When I hear some say that veterans with PTSD do not deserve a Purple Heart, I can only conclude they simply do not even understand what the term actually means.
Post=After, Trauma=Wound, Stress=State of mental or emotional strain or tension resulting from adverse or very demanding circumstances and Disorder=Out of order.
In other words, things happened while your life was on the line and you got wounded to the point where your mind and body were stressed out and then everything got jumbled up.
Here's the thing though they don't tell you. After it, wounds heal and stress eases up with help and then things can be put back into some kind of order. Just like with everything else, not the same order they were in before, but differently. Just like you are not the cause of what war did to you and was out of your control, what you do afterwards is in your control.
It is a wound caused by an outside force that penetrated your skin and you can still feel the heat while your body was pushed to the limits of humanity. You can still smell the same things you had to suffer with back then, like diesel fuel.
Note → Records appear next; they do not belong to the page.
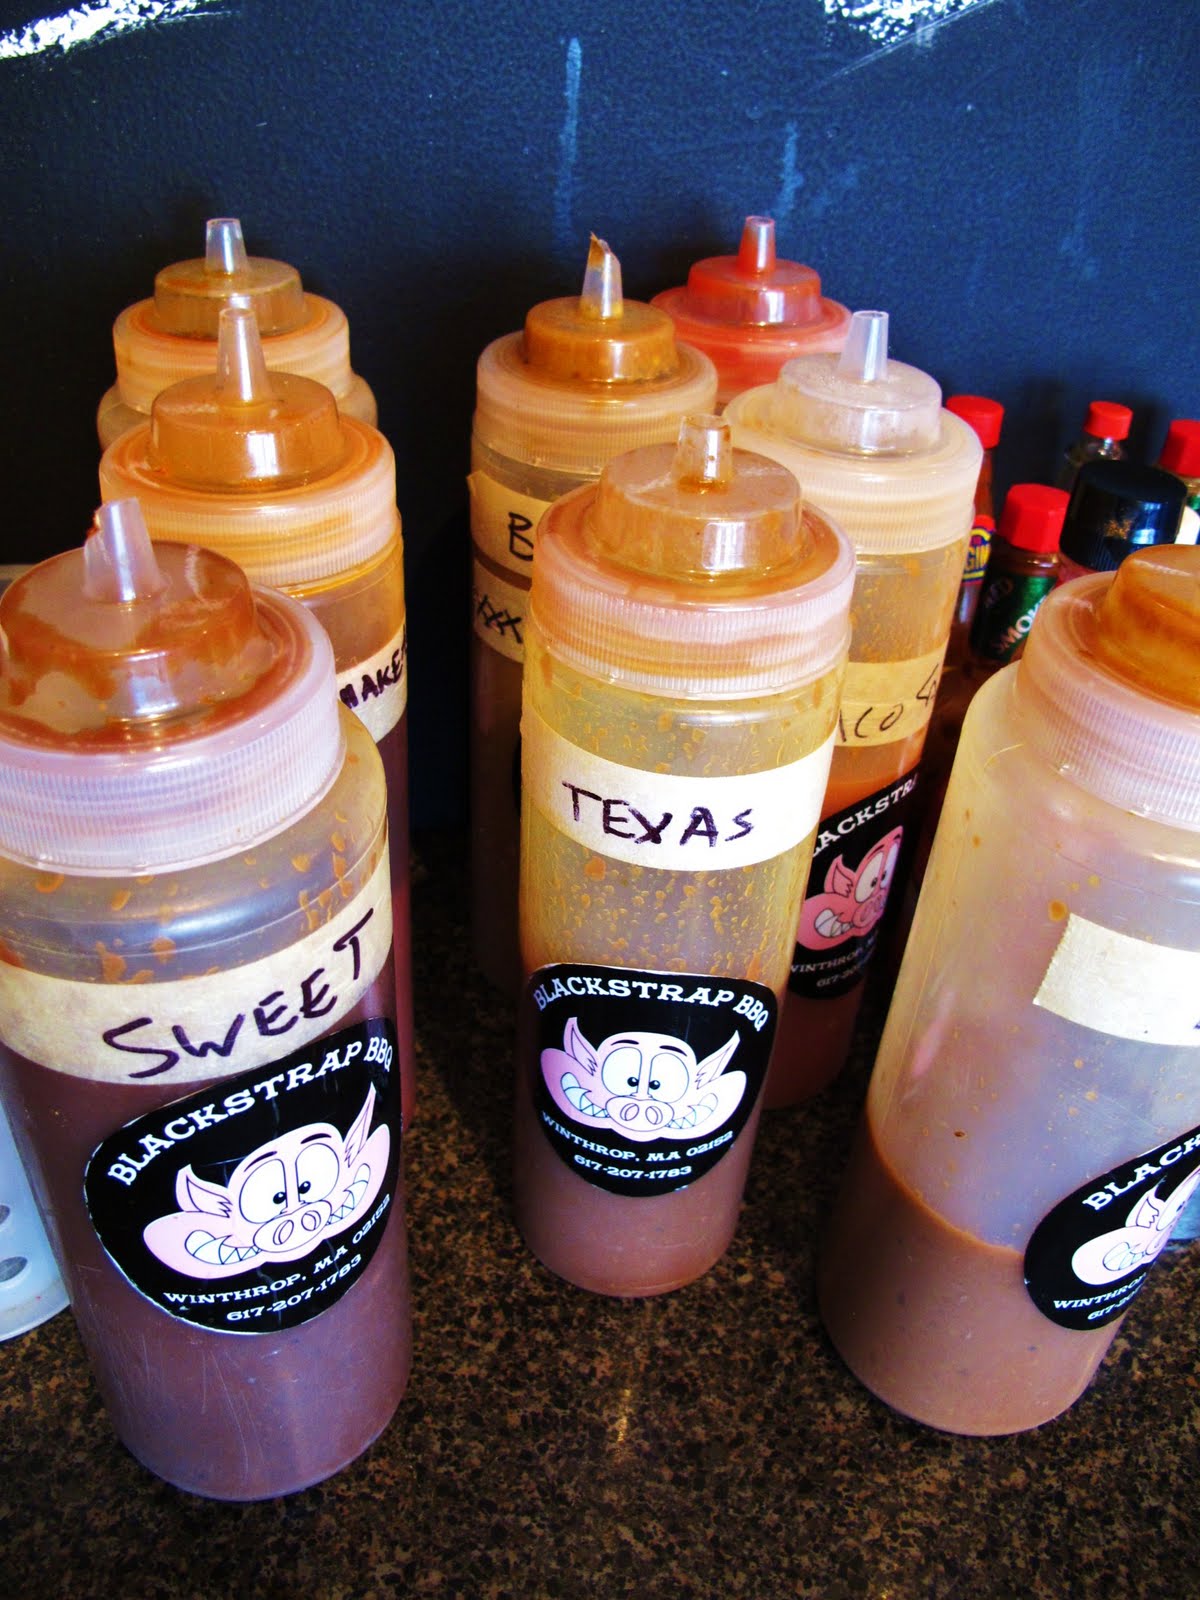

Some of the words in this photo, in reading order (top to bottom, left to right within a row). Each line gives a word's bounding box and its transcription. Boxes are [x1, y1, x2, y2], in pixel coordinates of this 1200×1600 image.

[561, 780, 755, 848] TEXAS
[102, 907, 375, 1079] SWEET
[532, 976, 735, 1012] BLACKSTRAP
[732, 994, 770, 1032] BBQ
[106, 1040, 362, 1187] BLACKSTRAP
[363, 1036, 394, 1073] BBQ
[573, 1153, 693, 1180] 617-207-1783
[645, 1150, 682, 1163] MA
[685, 1130, 734, 1157] 02152
[312, 1244, 349, 1275] MA
[351, 1193, 391, 1245] 02152
[226, 1253, 363, 1322] 617-207-1783
You can still hear the same sounds like machine guns, cannons and helicopters along with screams and dying breathes.
You can still remember every decision you ever made and still argue between what you knew in that millisecond of time and what you know now.
The trick is understanding that it is a wound and left untreated it spreads out to every other part of your life like and infection destroying whatever it comes into contact with until you fight back with everything your body needs to defeat it.
“Real men despise battle, but will never run from it.” ― George Washington
There should be no stigma attached to this at all and there will not be as soon as all of you understand exactly what it is and finally accept the fact that you would not have it IF YOU DID NOT PUT YOUR LIFE ON THE LINE BEING WILLING TO DIE FOR SOMEONE ELSE.
Civilians get PTSD but it is a totally different type and the only reason they know what it is, is because veterans came back and fought for all the research. Keep fighting!
I’ve treated veterans with PTSD. It’s time to make them eligible for the Purple Heart.
Washington Post
By Nathaniel P. Morris
July 22, 2016
According to the Department of Veterans Affairs, PTSD afflicts up to one in five veterans from Iraq and Afghanistan in a given year, and as many as one in three veterans from earlier conflicts like Vietnam during their lifetime. As of 2013, roughly 400,000 veterans affiliated with the VA carried this diagnosis.Over the last decade, a controversial question has surrounded the Purple Heart: do veterans with post-traumatic stress disorder deserve it?
The Pentagon currently does not award Purple Hearts to veterans suffering from PTSD. Supporters of this policy argue physical wounds have always determined eligibility for the Purple Heart. Some believe the science regarding PTSD is too primitive; indeed symptoms can be difficult to diagnose, and objective tests remain elusive. There are concerns that some veterans might attempt to fake the diagnosis.
But critics say that denying Purple Hearts to these veterans reinforces the stigmatization of mental illness—in other words, that conditions of the mind are less real than conditions of the body. As a physician who has worked with veterans suffering from PTSD, I can tell you the manifestations of this condition are very real. Symptoms can include flashbacks, paralyzing anxiety, hypervigilance, and self-harm.